(Phrase grounding data)
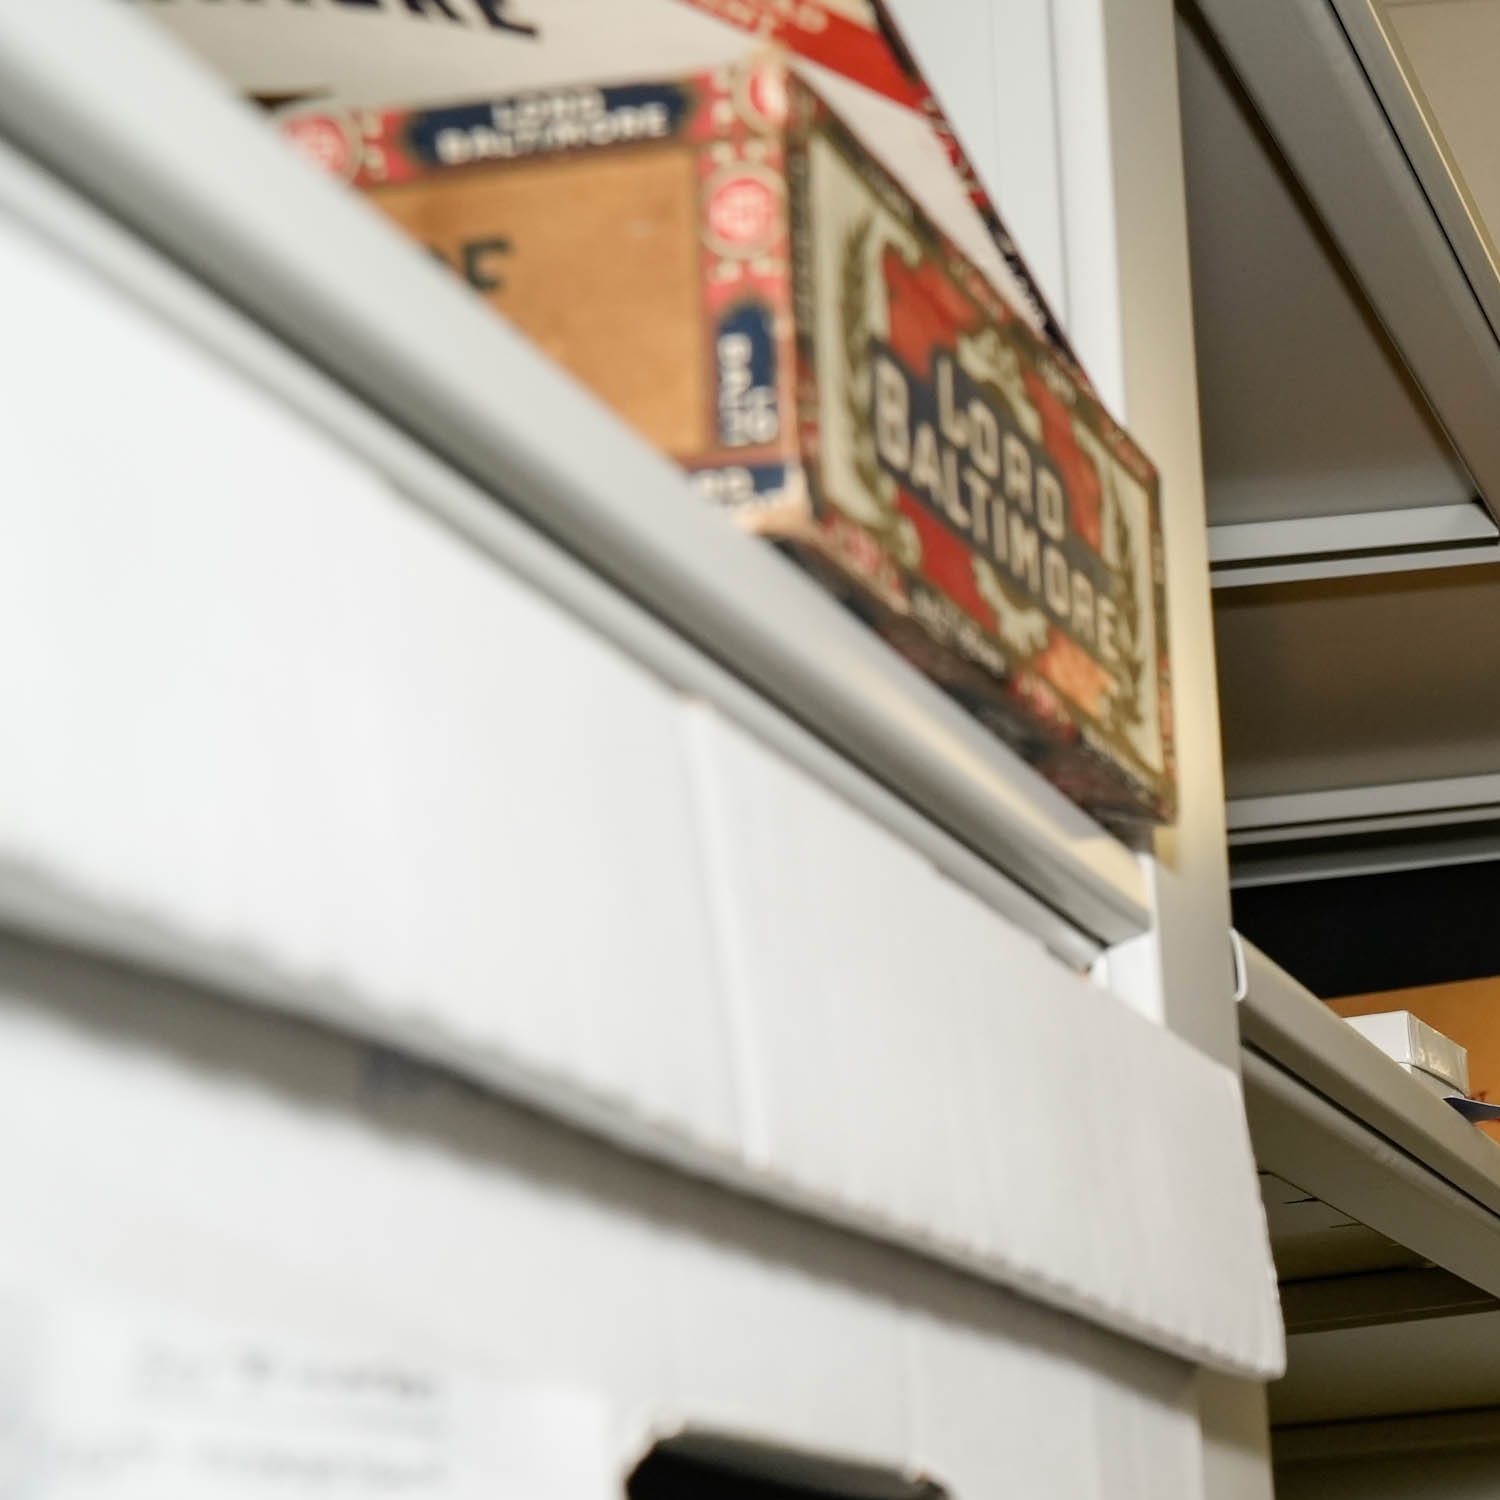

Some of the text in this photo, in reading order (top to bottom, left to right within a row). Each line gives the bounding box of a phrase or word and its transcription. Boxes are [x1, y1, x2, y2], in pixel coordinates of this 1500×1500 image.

[435, 102, 671, 165] BALTIMORE
[491, 87, 606, 132] LORD
[873, 355, 1122, 662] BALTIMORE
[935, 354, 1066, 545] LORD
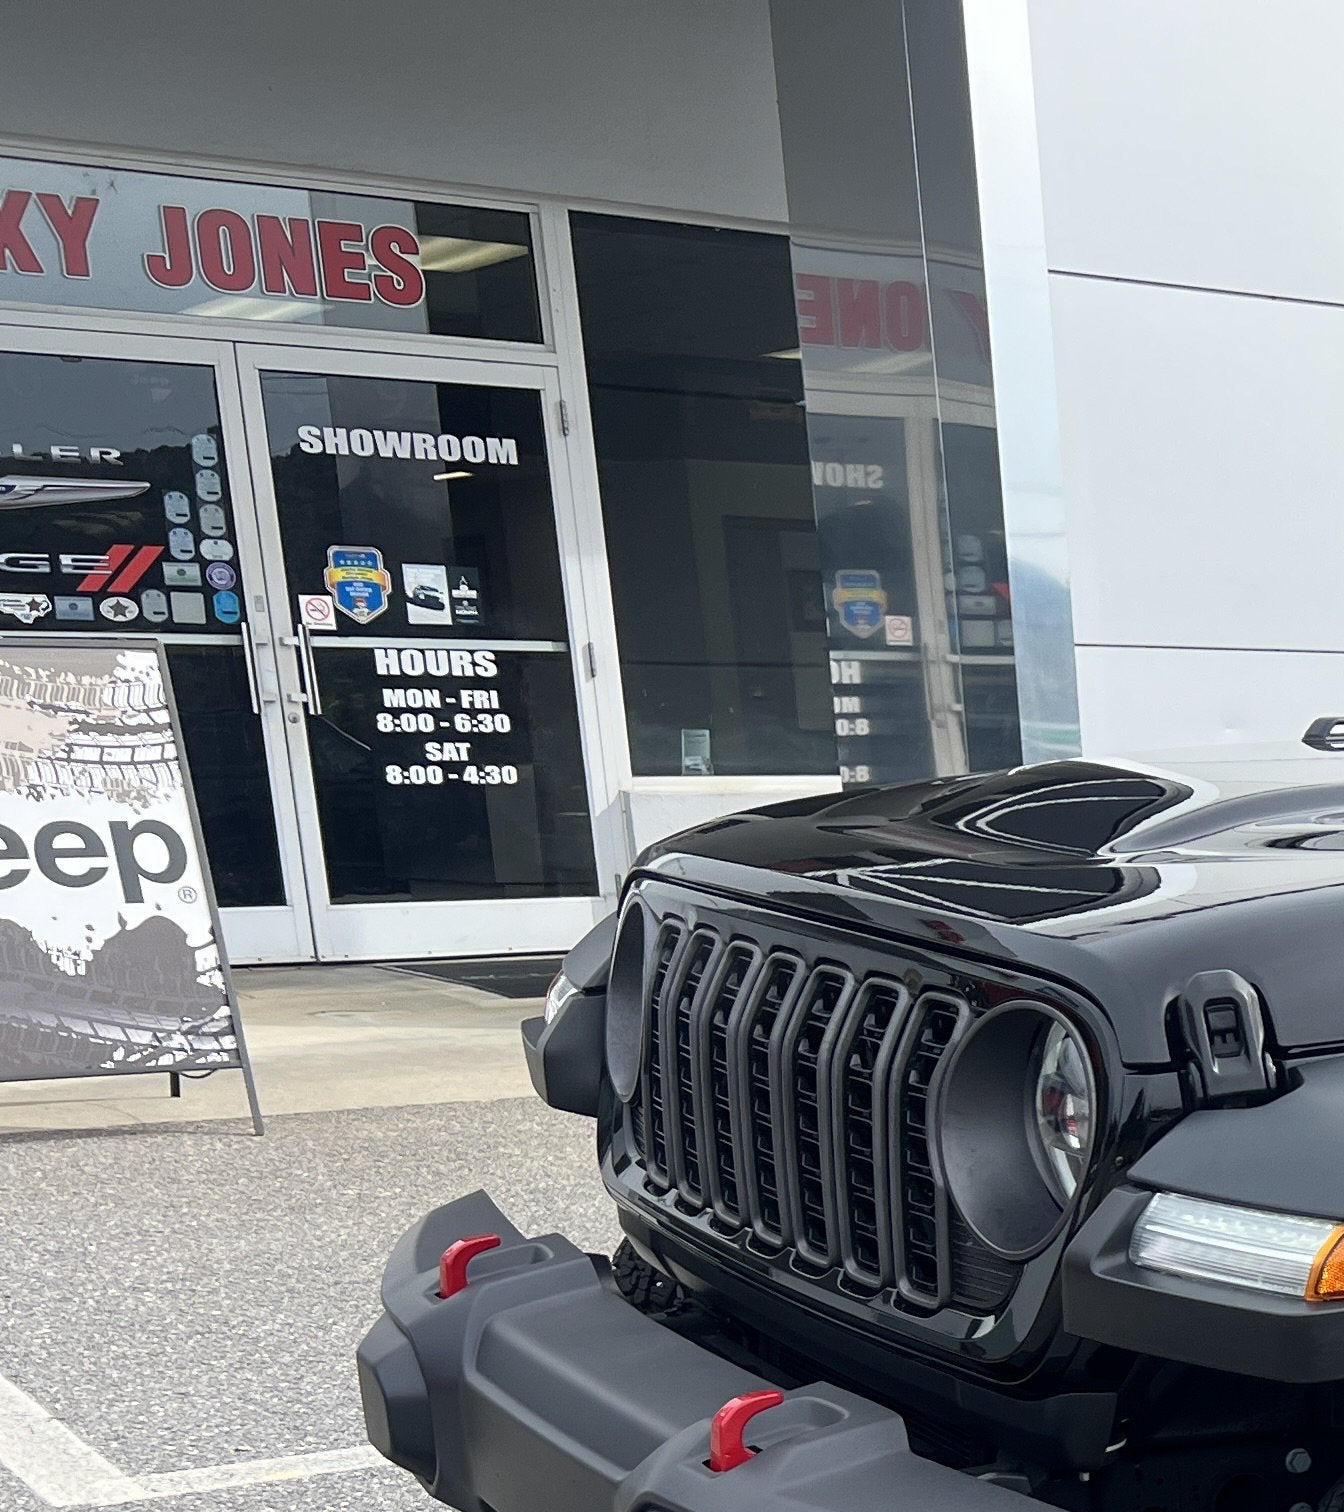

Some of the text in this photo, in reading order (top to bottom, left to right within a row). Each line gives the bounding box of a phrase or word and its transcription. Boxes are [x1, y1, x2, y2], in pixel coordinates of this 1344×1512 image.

[143, 204, 426, 308] JONES
[12, 443, 124, 466] LER
[299, 425, 519, 466] SHOWROOM
[374, 648, 498, 678] HOURS
[382, 688, 440, 709] MON
[459, 689, 500, 710] FRI
[376, 712, 434, 733] 8:00
[454, 713, 511, 734] 6:30
[424, 741, 472, 762] SAT
[385, 765, 444, 786] 8:00
[462, 765, 518, 786] 4:30

Requirement: If an entry holds an image, omit that image and print the remainder exactly as it stands.

Solution:
Some of the text in this photo, in reading order (top to bottom, left to right within a row). Each line gives the bounding box of a phrase or word and its transcription. Boxes are [x1, y1, x2, y2], in pixel coordinates of this 1500×1500 image.

[435, 102, 671, 165] BALTIMORE
[491, 87, 606, 132] LORD
[873, 355, 1122, 662] BALTIMORE
[935, 354, 1066, 545] LORD

Some of the text in this photo, in reading order (top to bottom, left to right within a row). Each line gives the bounding box of a phrase or word and its transcription. Boxes are [x1, y1, x2, y2], in pixel coordinates of this 1344×1512 image.

[143, 204, 426, 308] JONES
[12, 443, 124, 466] LER
[299, 425, 519, 466] SHOWROOM
[374, 648, 498, 678] HOURS
[382, 688, 440, 709] MON
[459, 689, 500, 710] FRI
[376, 712, 434, 733] 8:00
[454, 713, 511, 734] 6:30
[424, 741, 472, 762] SAT
[385, 765, 444, 786] 8:00
[462, 765, 518, 786] 4:30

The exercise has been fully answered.